More money more problems though. Spain had never recognized Peru's independence in 1821 and was looking to reassert some level of dominance in the 1860s. After some financial and diplomatic bullying on the part of Spain that Peru did not submit to, Spain occupied the Chincha Islands in 1864, recognizing their economic value. This was the opening act of the Chincha Islands War of 1864-1866 in which Chile, Ecuador, Boliva and Peru all allied against their former colonial master. Despite naval superiority, Spain had no invasion force to land and nowhere to resupply. The two year conflict ended when Spain pulled its forces out of the Pacific back to Europe by way of the Phillipines.
While the guano islands off the coast of South America was some fertilizer worth fighting over, the Chincha Islands War was a relatively small engagement. The fighting over the nitrogen found in the Atacama desert would be a different story.
The Atacama desert is the driest desert on earth. Scientists think the region has received no significant rainfall between 1570 and 1971 and that it has been extremely arid for around 200 million years. This lack of rainfall created a region rich in Sodium nitrate, known also as Chilean saltpeter. Potassium nitrate was also found in abundance. Miners started exploiting these reserves in the 1820s and soon the region would come to dominate the world market for nitrogen fertilizer for the next century. (More fortunes would be made here as well)

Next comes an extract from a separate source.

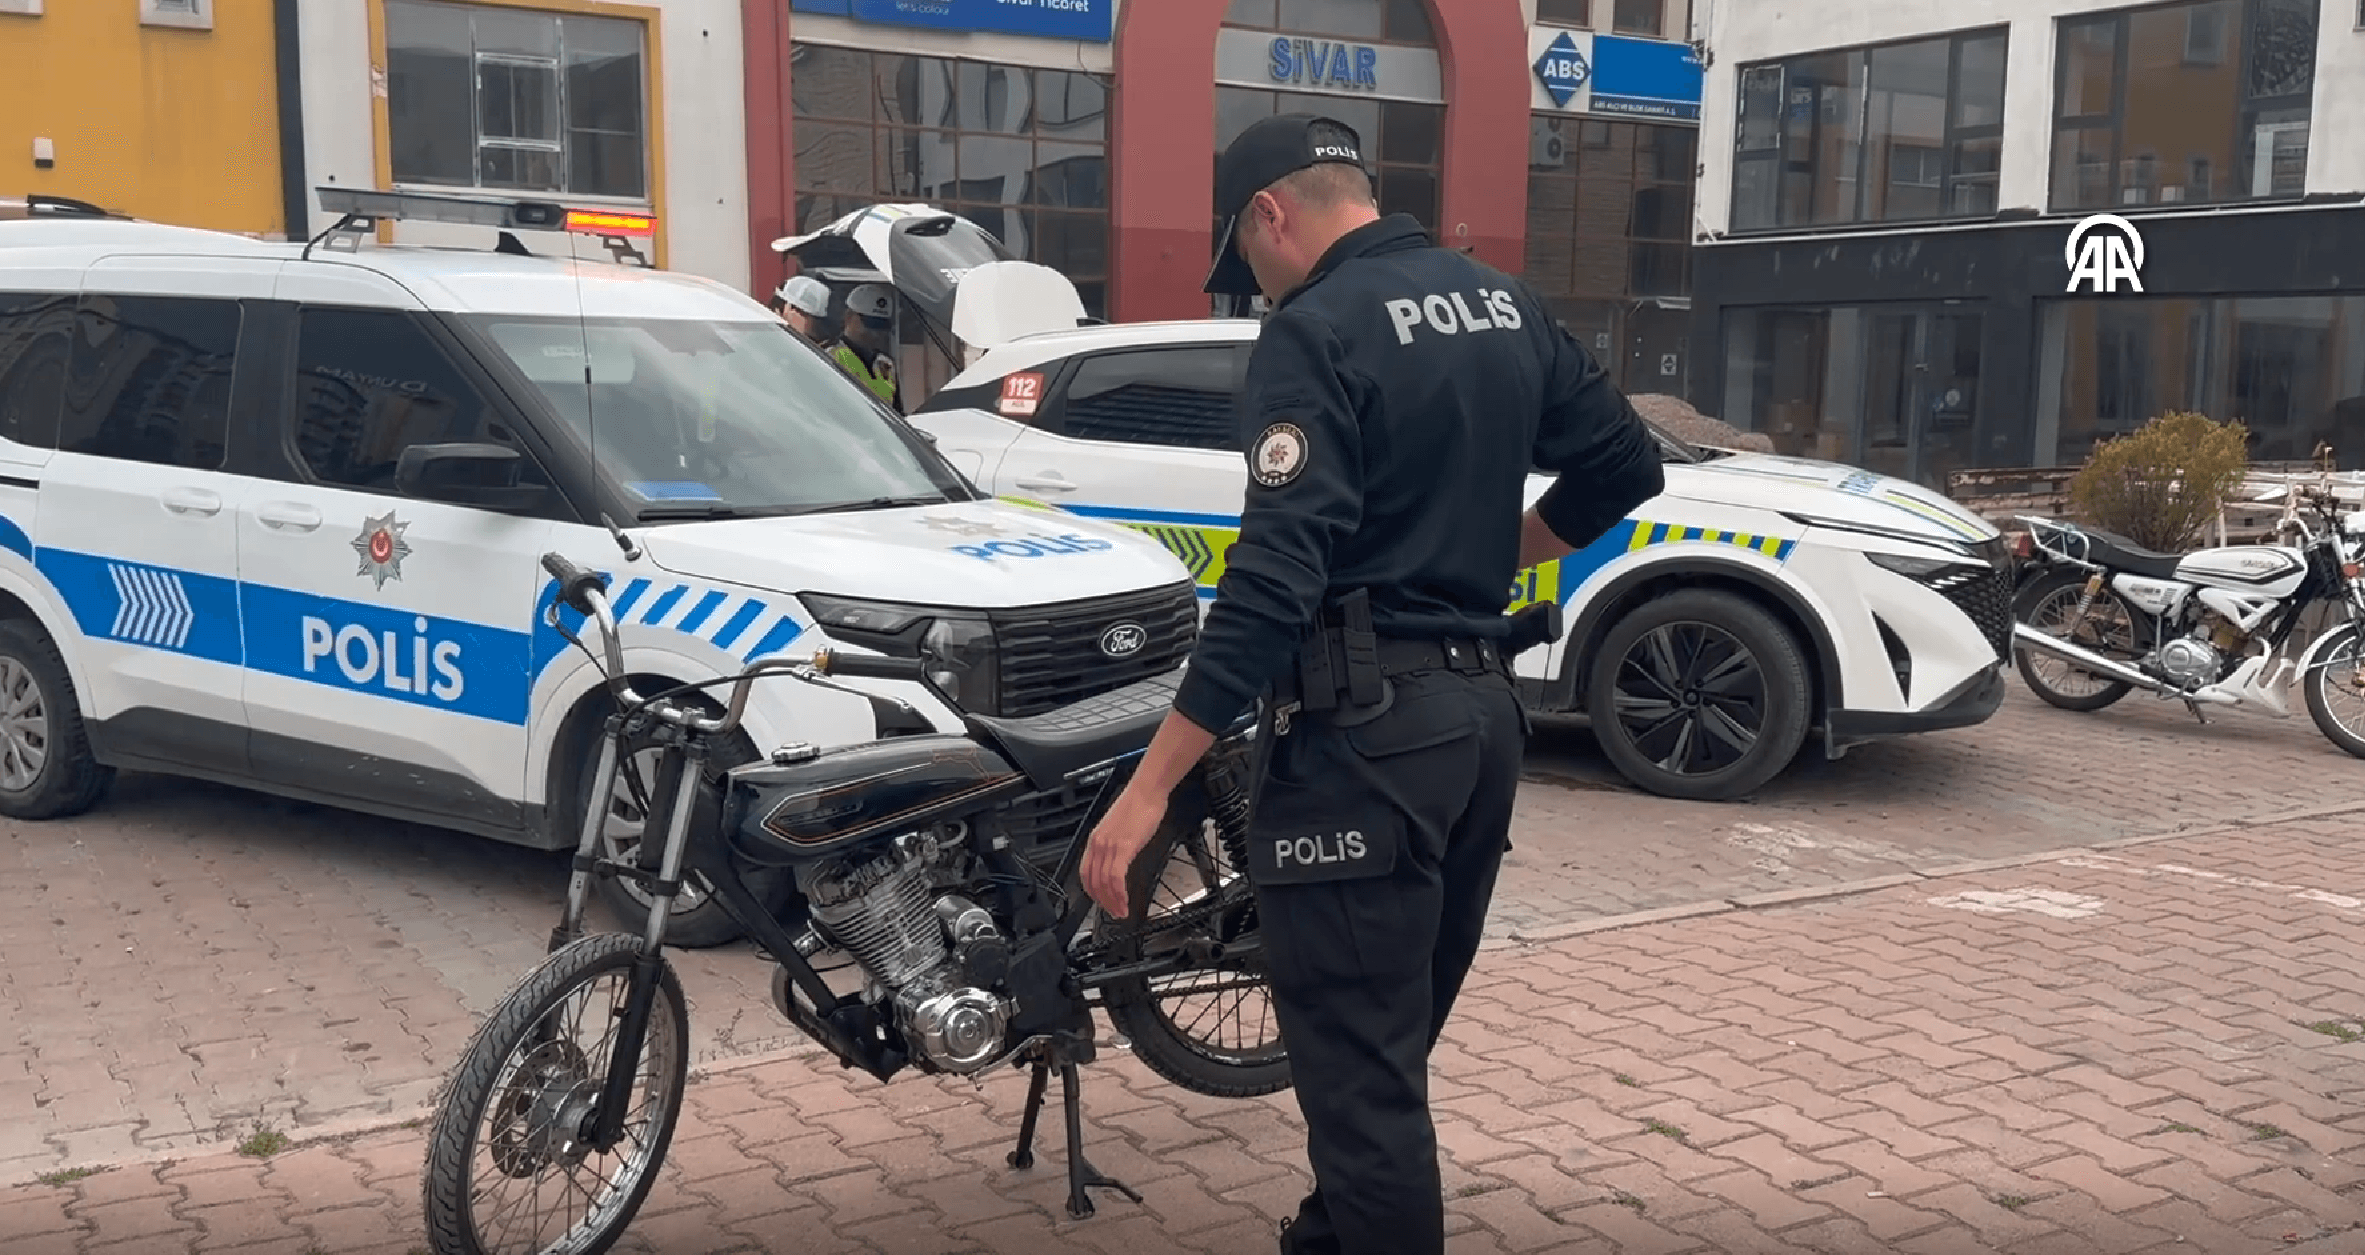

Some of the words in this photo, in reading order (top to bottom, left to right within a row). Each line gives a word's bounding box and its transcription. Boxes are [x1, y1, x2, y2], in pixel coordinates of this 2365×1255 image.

Many Chilean miners worked in the saltpeter mines despite much of the Atacama desert being located on Peruvian and Bolivian territory. The Chilean owned Antofagasta Nitrate and Railway Company had an especially large stake in the region. Bolivia had agreed in 1874 not to increase taxes on Chilean interests for 25 years, but in 1878 the Bolivian government imposed higher taxes on the Antofagasta company which were retroactive to 1874. The company balked and so Bolivia moved to seize the company's assets. In response the Chilean army crossed the border and occupied the Bolivian port city of Antofagasta in the southern Atacama desert.
Needless to say, at this point tensions were running high. 15 days after occupation of Antofagasta by Chilean forces, Bolivia declared war. Peru, bound by a secret alliance treaty with Bolivia, declared war on Chile little more than a month later. The War of the Pacific was a bloody conflict that would drag on for four years and ultimately deprive Bolivia of any access to the Pacific Ocean. The area outlined in black below is the territory that victorious Chile took from both Bolivia and Peru in the conflict
Most historians have argued that the desire to control the vast nitrate deposits of the Atacama (as well as some guano rich islands) was the underlying cause of the war. Bolivia to this day pressures the Chilean government to allow it a sovereign access point to the Pacific Ocean although with little effect. The saltpeter mines would be an important part of Chile's economy until the 1940s when synthetic nitrogen production made mining the Atacama for Sodium nitrate less profitable.
|Check out these Chilean archives for more great nitrate fertilizer posters.|
It's easy to forget that all of this bloodshed was because people wanted to give their crops a little more nitrogen. The important role that soil nitrogen plays in crop yield means that nitrogen fertilizer was critically important to agriculture and humanity. Agriculture's dependence on nitrogen fertilizer continues to this day. Currently the world uses 100 teragrams, or 100,000,000,000 kilograms of nitrogen fertilizer every year. Without this annual addition of nitrogen to the worlds soils, our current agricultural system would collapse. This Greek man sums up the situation quite nicely as he dumps a sack of Chilean nitrate all over the world.